Kenias Läufer reisen als Favoriten zu den Crosslauf-Weltmeisterschaften ins spanische Punta Umbria – und das, obwohl keiner ihrer vier Titelverteidiger am 20.03.2011 an den Start gehen wird. 2010 hatten die Kenianer zum ersten Mal in der Geschichte der Crosslauf-Weltmeisterschaften alle acht Goldmedaillen gewonnen (vier Einzel- und vier Team-Wettbewerbe). Nun wird es in den Einzelrennen andere Titelträger geben, denn weder Joseph Ebuya und Emily Chebet noch die inzwischen allerdings bei den Männern beziehungsweise Frauen startenden Junioren-Sieger von 2010, Caleb Ndiku und Mercy Cherono, schafften die Qualifikation bei den kenianischen Ausscheidungen. Bemerkenswert ist, dass Japan trotz der Tragödie für alle vier Wettbewerben – Männer, Frauen und Junioren – mit kompletten Teams gemeldet ist.

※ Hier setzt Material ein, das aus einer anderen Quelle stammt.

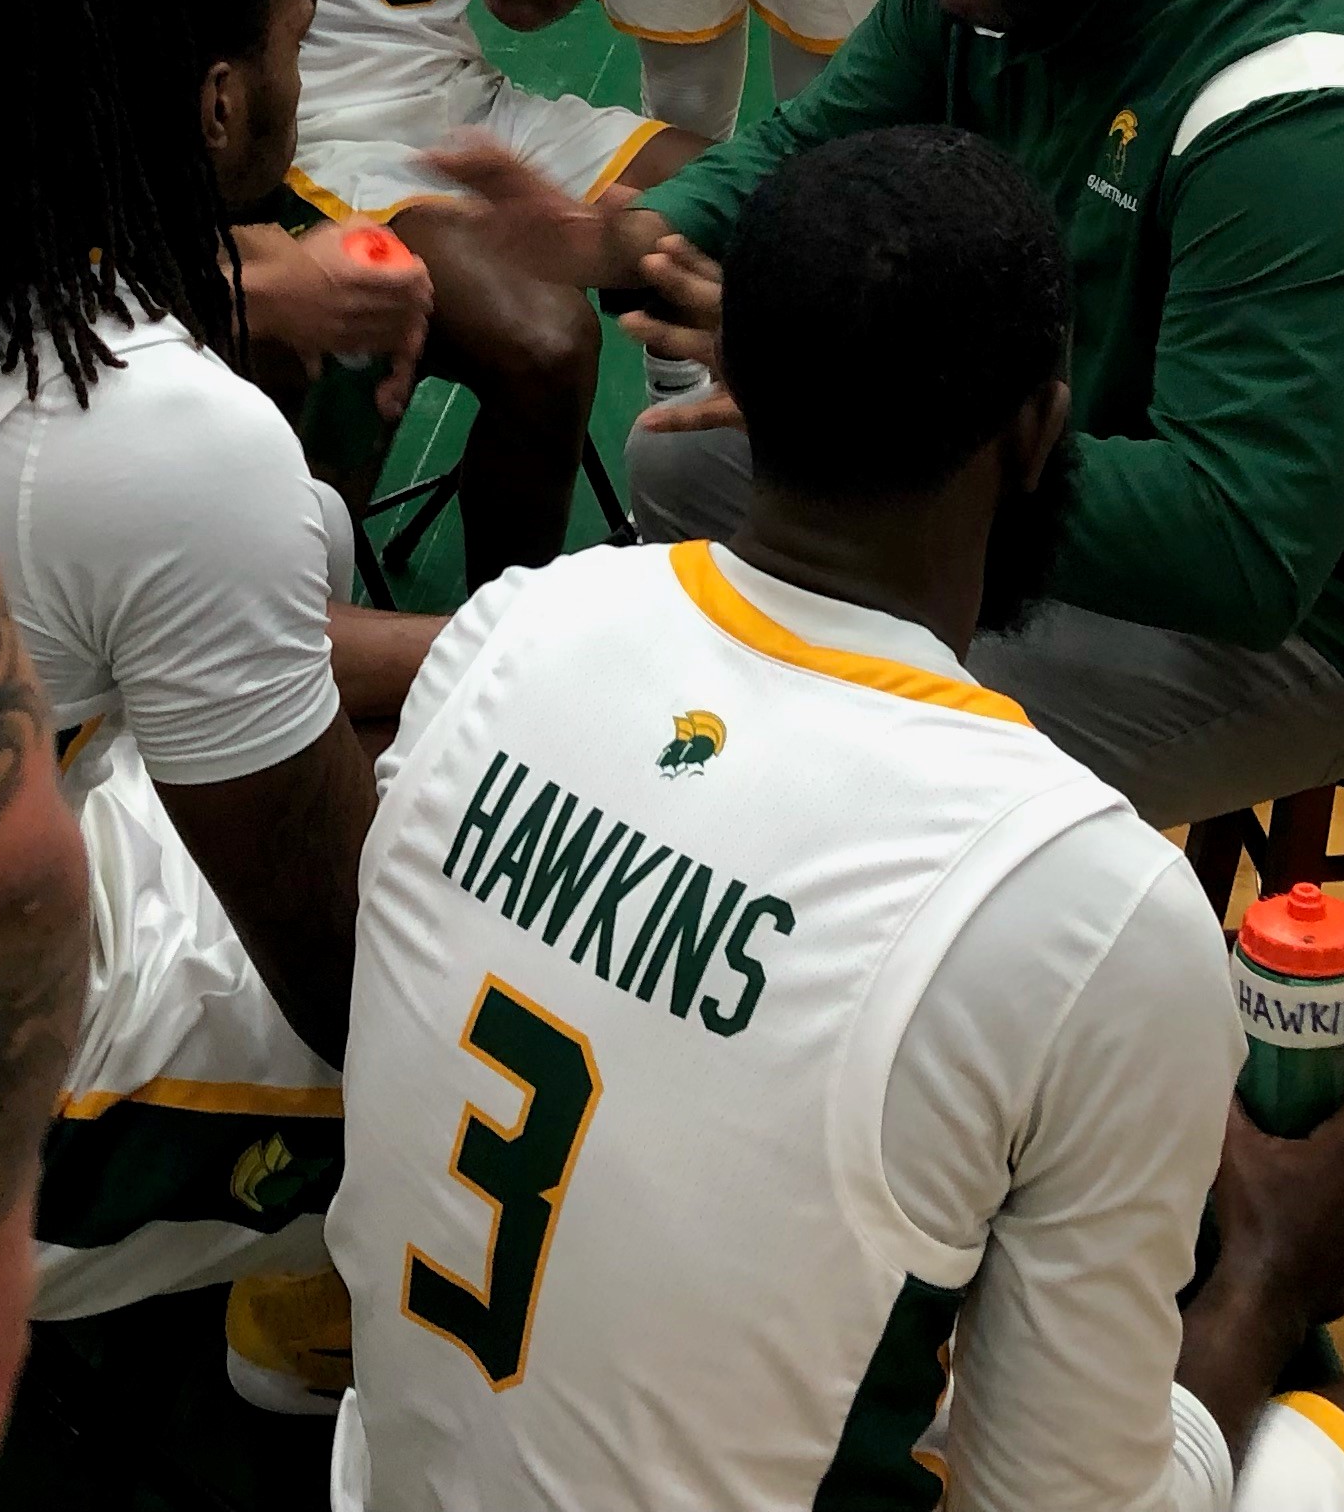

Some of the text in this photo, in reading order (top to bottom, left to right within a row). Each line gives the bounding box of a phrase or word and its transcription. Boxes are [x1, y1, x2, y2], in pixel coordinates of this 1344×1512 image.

[1086, 174, 1137, 212] BASKETBALL
[441, 749, 796, 1038] HAWKINS
[400, 970, 604, 1394] 3

2009 fehlten zuletzt beide Titelverteidiger bei einer Cross-WM. Allerdings verzichteten damals die Äthiopier Kenenisa Bekele und Tirunesh Dibaba auf eine mögliche Nominierung. Vor zwei Jahren war auch zuletzt ein deutscher Läufer im Männerrennen der Cross-WM dabei: Sebastian Hallmann (LG Stadtwerke München) belegte damals Rang 104. Seine Nominierung dürfte damals allerdings zu einem nicht unerheblichen Anteil sportpolitische Hintergründe gehabt haben. Denn im Jahr der WM in Berlin sollte offenbar zumindest ein deutscher Athlet bei den globalen Cross-Titelkämpfen starten. Am 20.03.2011 wird nun Steffen Uliczka (SG TSV Kronshagen/Kieler TB) im 12-km-Männerrennen laufen. Obwohl die Strecke für den 3.000-m-Hindernisläufer sehr lang ist, ist ihm eine deutlich bessere Platzierung zuzutrauen als Sebastian Hallmann vor zwei Jahren in Amman. Steffen Uliczka hatte sich mit einem guten zwölften Platz bei den Cross-Europameisterschaften im vergangenen Dezember für diese WM qualifiziert.

Vorne allerdings werden die Afrikaner einmal mehr das Rennen bestimmen. Etwas überraschend war es ein Marathonläufer, der in Nairobi das kenianische Ausscheidungsrennen für Punta Umbria gewann: Geoffrey Mutai – im vergangenen Jahr jeweils Zweiter beim Rotterdam- und beim Berlin-Marathon und mit 2:04:55 Stunden der fünftschnellste Läufer aller Zeiten – siegte vor Mathew Kisorio und Vincent Kiprop. Wer in Kenia die Qualifikation geschafft hat, wird auch bei der WM weit vorne dabei sein.